Substrate mediated properties of gold monolayers on SiC

In light of their unique physicochemical properties two-dimensional metals are of interest in the development of next-generation sustainable sensing and catalytic applications. Here we showcase results of the investigation of the substrate effect on the formation and the catalytic activity of representative 2D gold layers supported by non-graphenized and graphenized SiC substrates. By performing comprehensive density functional theory (DFT) calculations, we revealed the epitaxial alignment of gold monolayer with the underlying SiC substrate, regardless of the presence of zero-layer graphene or epitaxial graphene. This is explained by a strong binding energy (similar to 4.7 eV) of 2D Au/SiC and a pronounced charge transfer at the interface, which create preconditions for the penetration of the related electric attraction through graphene layers. We then link the changes in catalytic activity of substrate-supported 2D Au layer in hydrogen evolution reaction to the formation of a charge accumulation region above graphenized layers.
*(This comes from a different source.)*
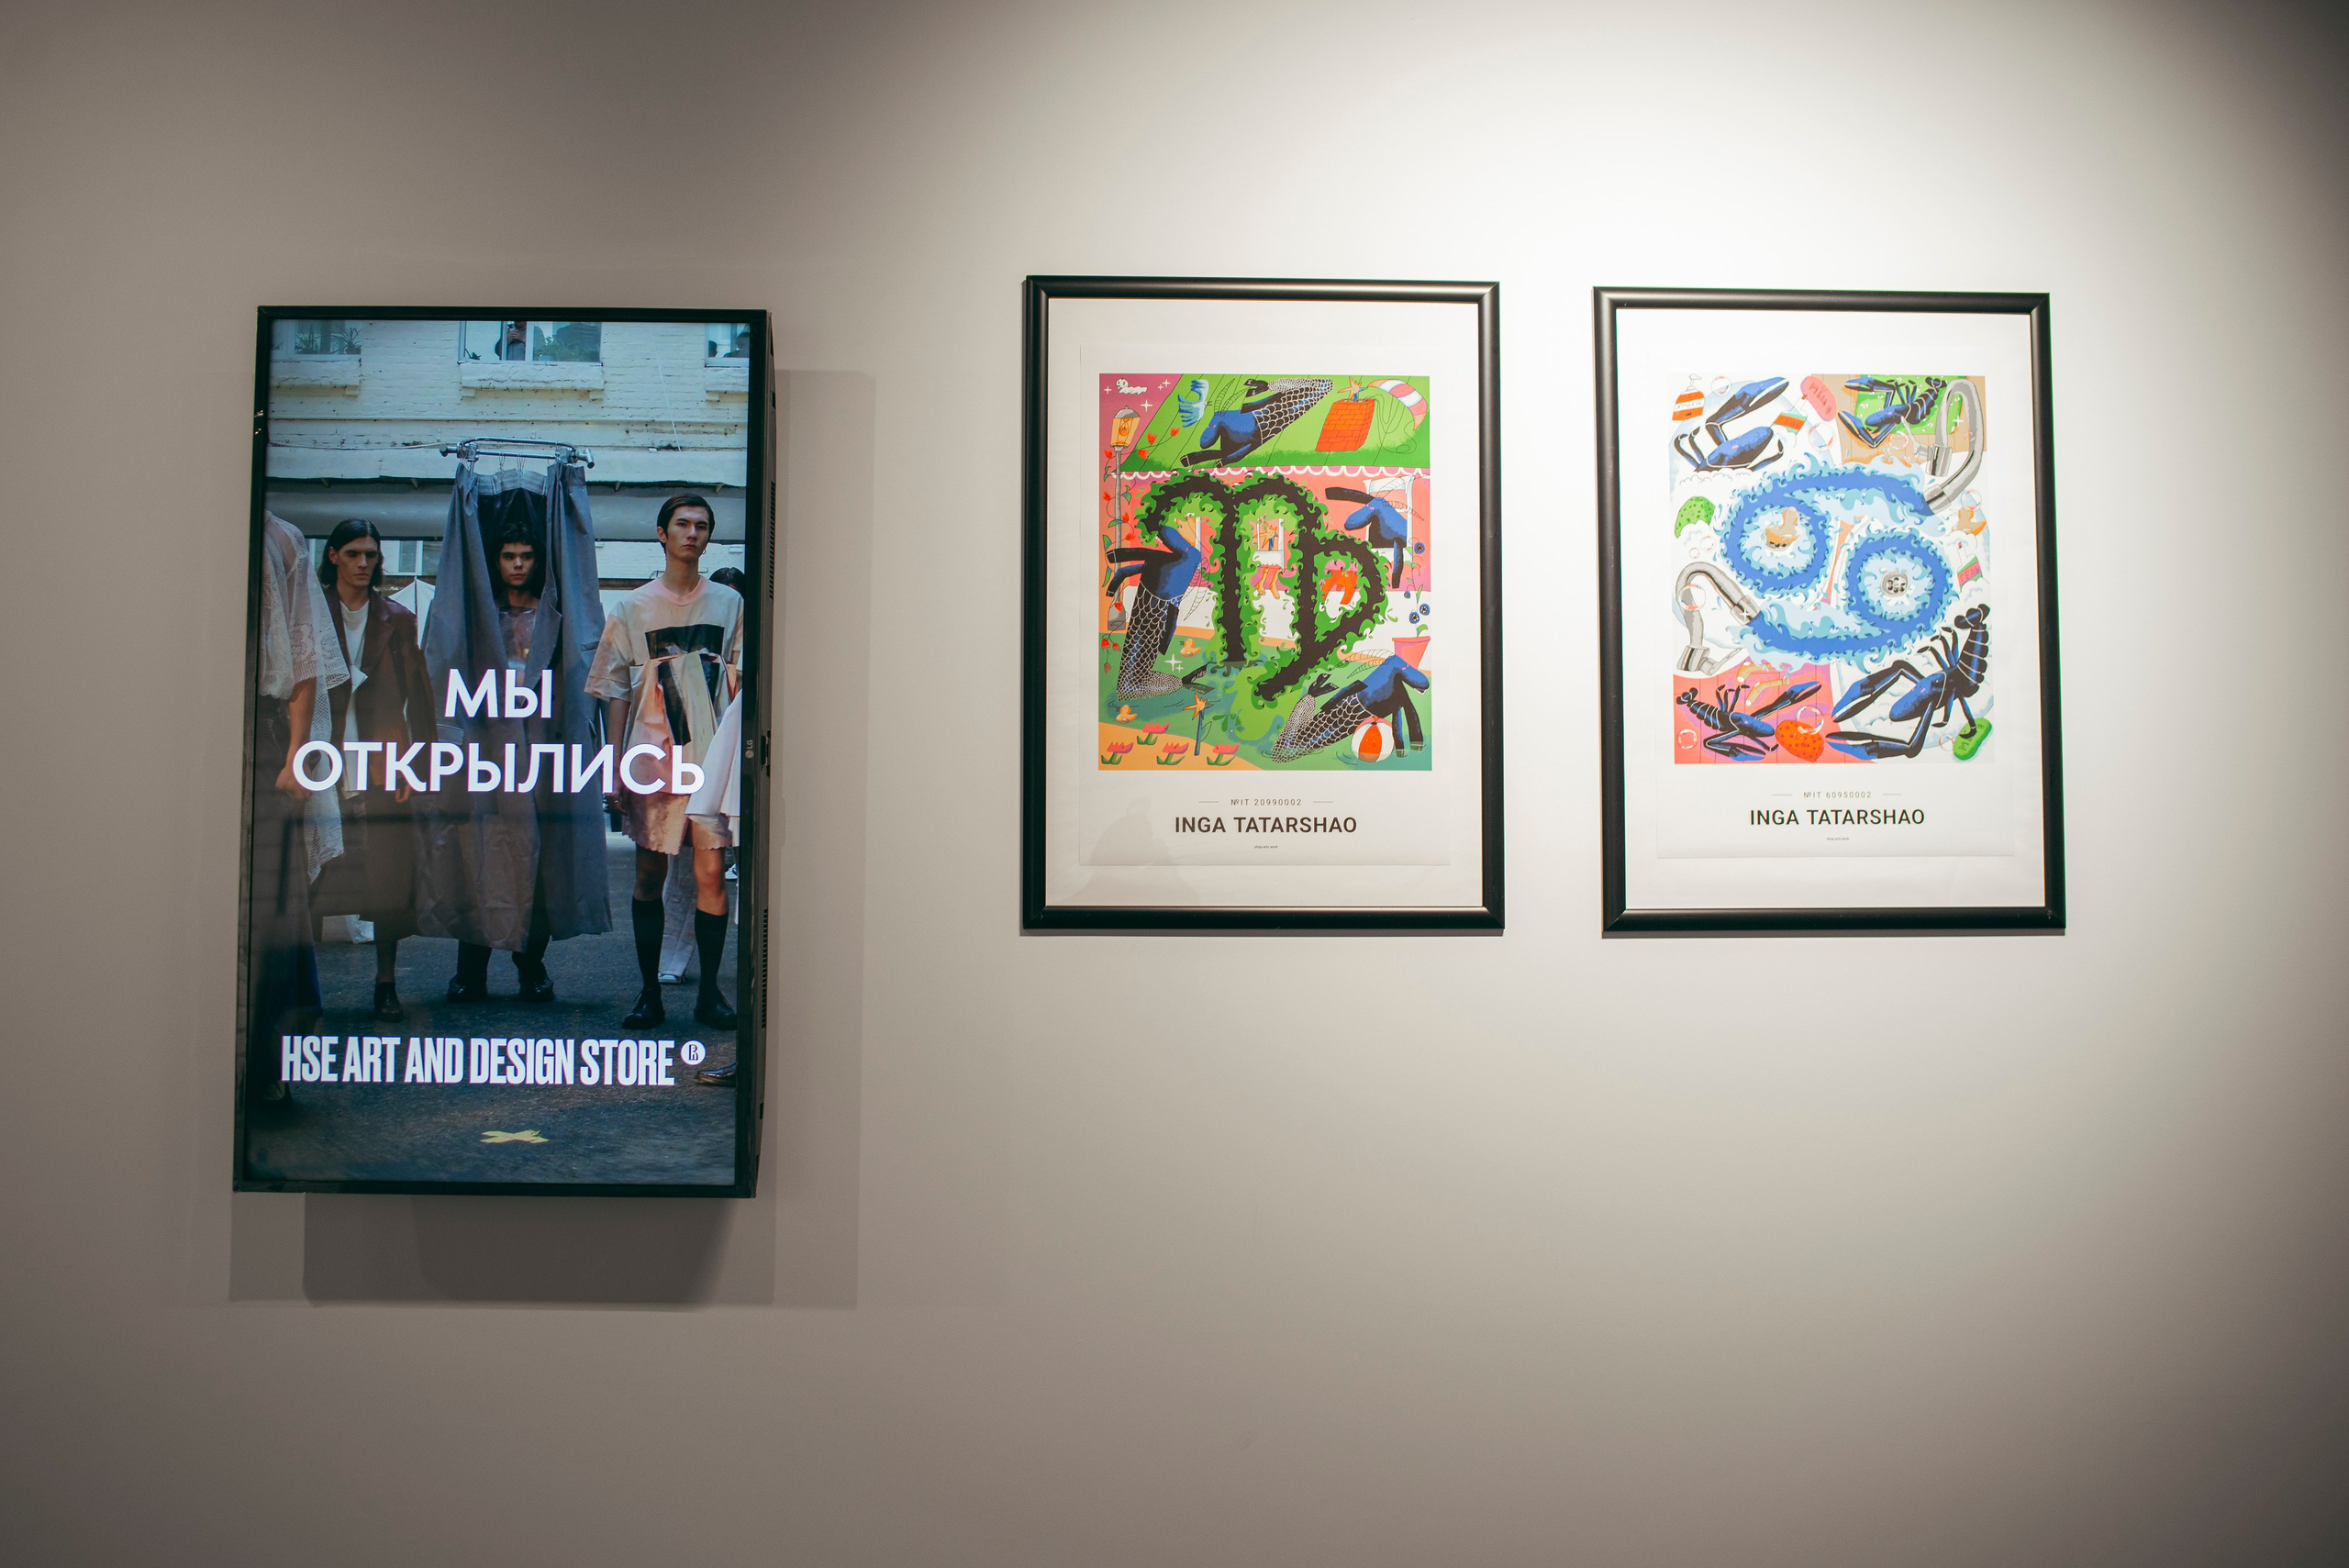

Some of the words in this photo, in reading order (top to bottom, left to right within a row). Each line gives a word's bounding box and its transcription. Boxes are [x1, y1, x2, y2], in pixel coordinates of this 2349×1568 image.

Gold intercalation beneath zero-layer graphene followed by its transformation to quasi-free-standing epitaxial graphene is found to be an effective approach to tune the interfacial charge transfer and catalytic activity of 2D Au. The sensing potential of substrate-supported 2D Au was also tested through exploring the adsorption behaviour of NH3, NO2 and NO gas molecules. The present results can be helpful for the experimental design of substrate-supported 2D Au layers with targeted catalytic activity and sensing performance.

Automated summary

In this study, the formation and catalytic activity of 2D gold layers supported by non-graphenized and graphenized SiC substrates under substrate effect were investigated. Through DFT calculations, we found that the gold monolayer exhibited epitaxial alignment with the underlying SiC substrate regardless of the presence of zero-layer or epitaxial graphene. This was attributed to the strong binding energy (about 4.7 eV) of 2D Au/SiC and the significant charge transfer at the interface, enabling the penetration of electric attraction through graphene layers. Intercalation of gold beneath zero-layer graphene followed by transformation to quasi-free-standing epitaxial graphene was found to effectively tune the interfacial charge transfer and catalytic activity of 2D Au. The sensing potential of substrate-supported 2D Au was also demonstrated through the adsorption behavior of NH3, NO2, and NO gas molecules. These findings can aid in the experimental design of substrate-supported 2D Au layers with targeted catalytic activity and sensing performance.